How The Network Layer Works
The figure below shows a simple network with two hosts, H1 and H2, and several routers on the path between H1 and H2.
Suppose that H1 is sending information to H2, and consider the role of the network layer in these hosts and in the intervening routers. The network layer in H1 takes segments from the transport layer in H1, encapsulates each segment into a datagram (that is, a network layer packet), and then sends the datagram to its nearby router, R1.
At the receiving host, H2, the network layer receives the datagram from its nearby router R2, extracts the transport-layer segments, and delivers the segments up to the transport layer H2.
The primary role of the routers is to forward datagrams from the input links to output links. Note that the routers shown in the above figure are shown in a truncated protocol stack, that is, with no upper layers above the network layer, because (except for control purposes) routers do not run application – and transport-layer protocols.
What Will You Learn In This Tutorial
The network layer is also one of the most complex layers in the protocol stack, and so we’ll have a lot of ground to cover here. We’ll begin our study with an overview of the network layer and the services it can provide. We’ll then examine two broad approaches towards structuring network layer packet delivery – the datagram and the virtual-circuit model – and see the fundamental role that addressing plays in delivering a packet to its destination host.
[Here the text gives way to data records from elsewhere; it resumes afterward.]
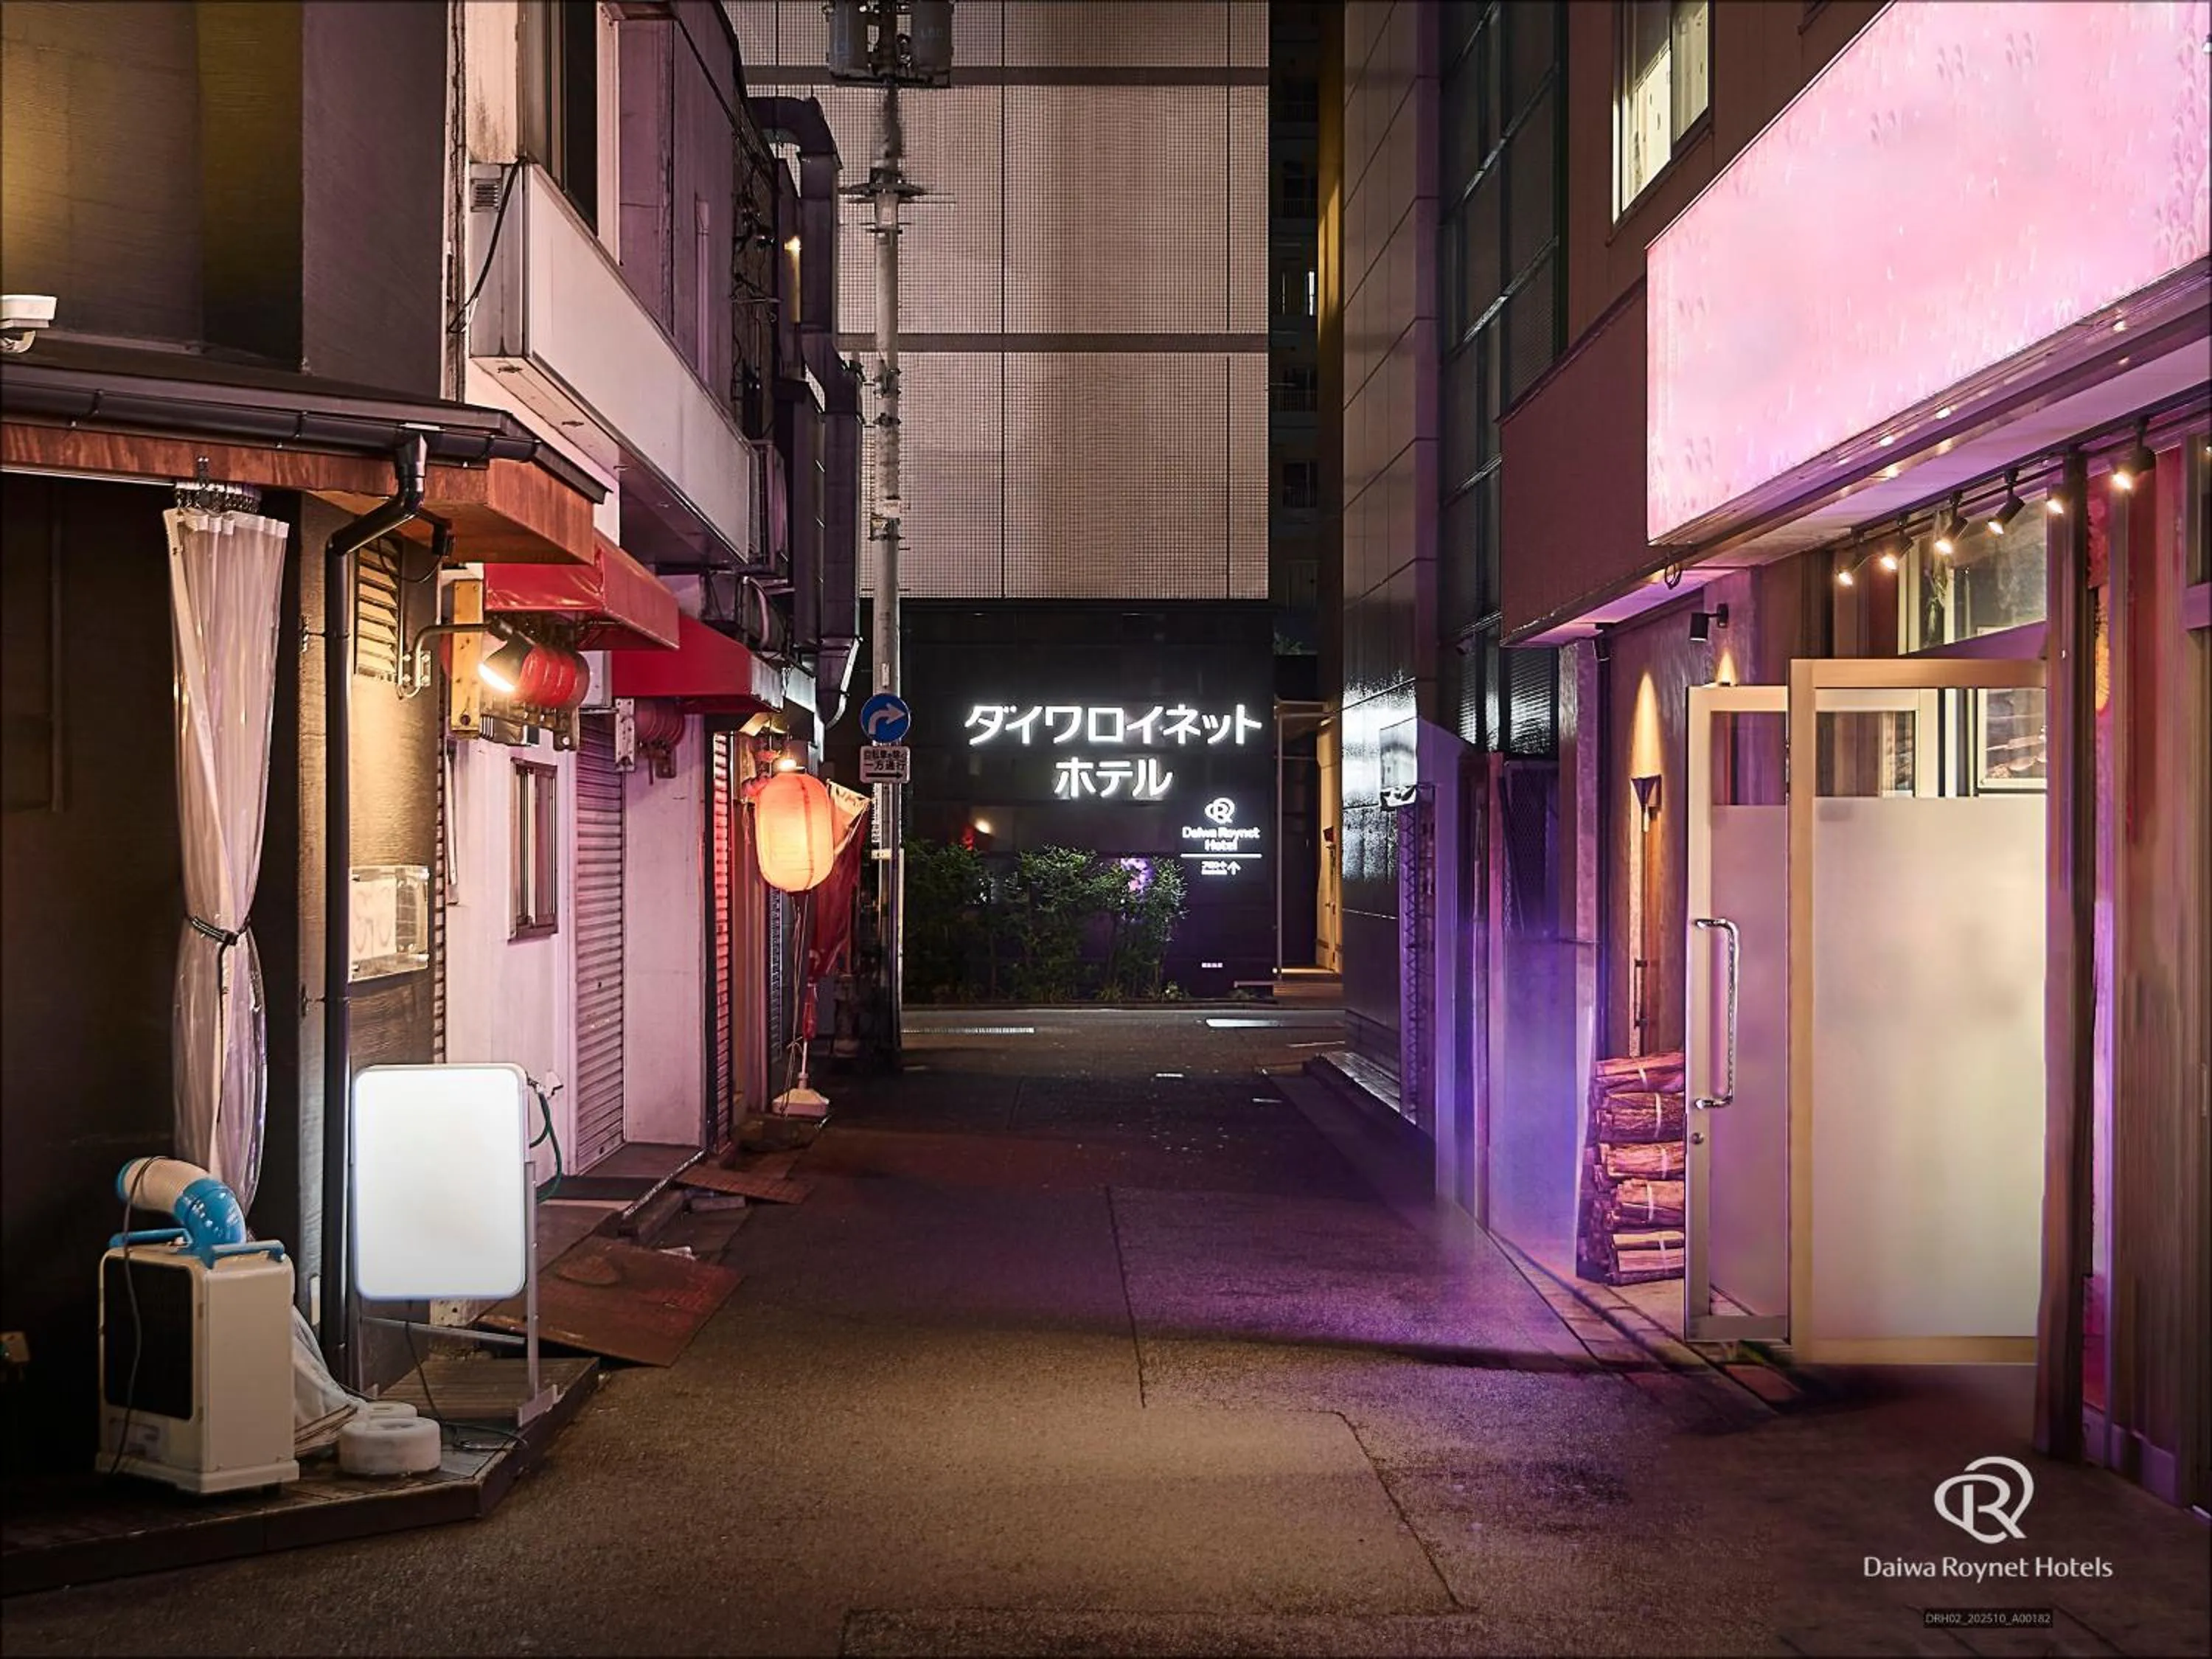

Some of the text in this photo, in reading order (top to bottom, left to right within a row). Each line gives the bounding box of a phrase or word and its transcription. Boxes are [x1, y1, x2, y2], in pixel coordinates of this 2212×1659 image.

[964, 703, 1262, 746] ダイワロイネット
[864, 759, 906, 771] 一方通行
[1054, 757, 1173, 800] ホテル
[1181, 826, 1217, 838] Daiwa
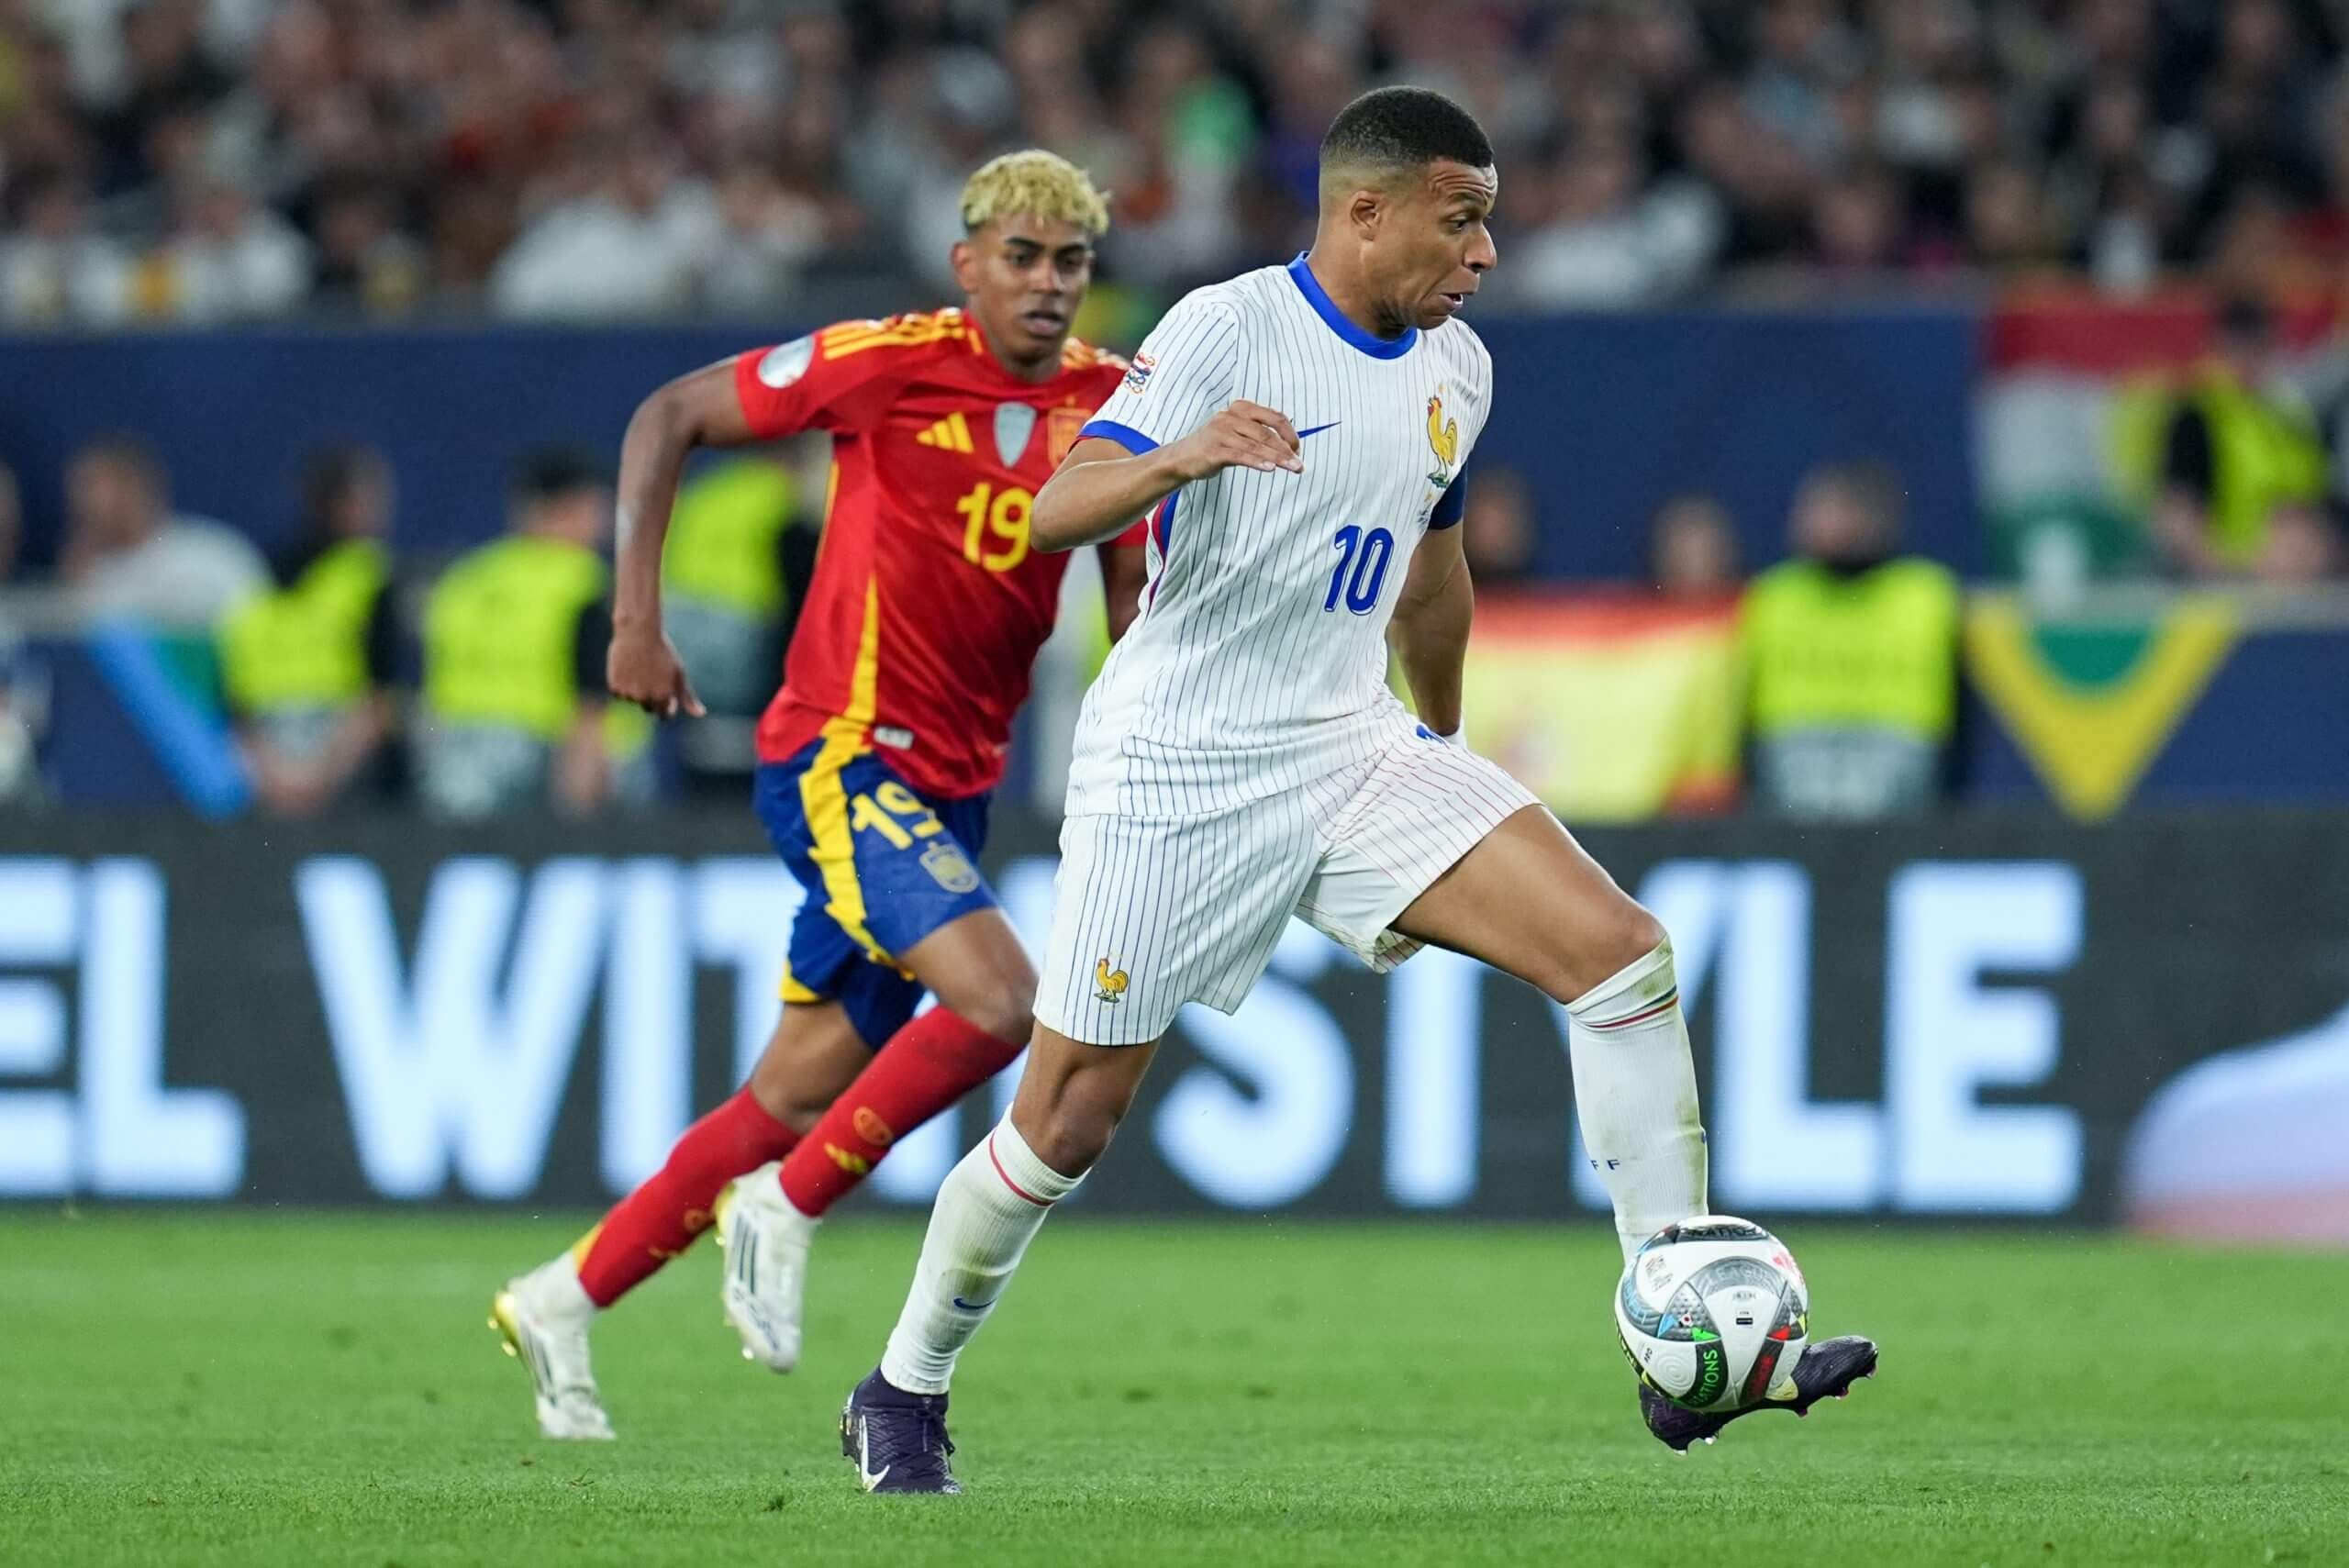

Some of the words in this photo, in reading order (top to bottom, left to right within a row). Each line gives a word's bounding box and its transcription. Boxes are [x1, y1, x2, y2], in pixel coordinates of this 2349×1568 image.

In this tutorial we’ll make an important distinction between the forwarding and routing functions of the network layer. Forwarding involves the transfer of a packet from an incoming link to an outgoing link within a single router. Routing involves all of a network’s routers, whose collective interactions via routing protocols determine the paths that packets take on their trips from source to destination node. This will be an important distinction to keep in mind as you progress thorough this chapter.
In order to deepen our understanding of packet forwarding, we’ll look “inside” a router – at its hardware architecture and organization. We’ll then look at packet forward in the internet, along with the celebrated Internet Protocol (IP), We’ll investigate network-layer addressing and the IPv4 datagram format. We’ll then explore network address translation (NAT), datagram fragmentation, the Internet Control Message Protocol (ICMP), and IPv6.
We’ll then turn our attention to the network layer’s routing functions. We’ll see that the job of a routing algorithm is to determine good paths (equivalently, routes) from senders to receivers. We’ll first study the theory of routing algorithms, concentrating on the two most prevalent classes of algorithms: link-state and distance vector algorithms. Since the complexity of routing algorithms grows considerably as the number of routers increases, hierarchical routing approaches will also be of interest. We’ll then see how theory is put into practice when we cover the Internet’s intra-autonomous system routing protocols (RIP, OSPF, and IS-IS) and its inter-autonomous system routing protocol, BGP. We will end this tutorial with a discussion of broadcast and multicast routing.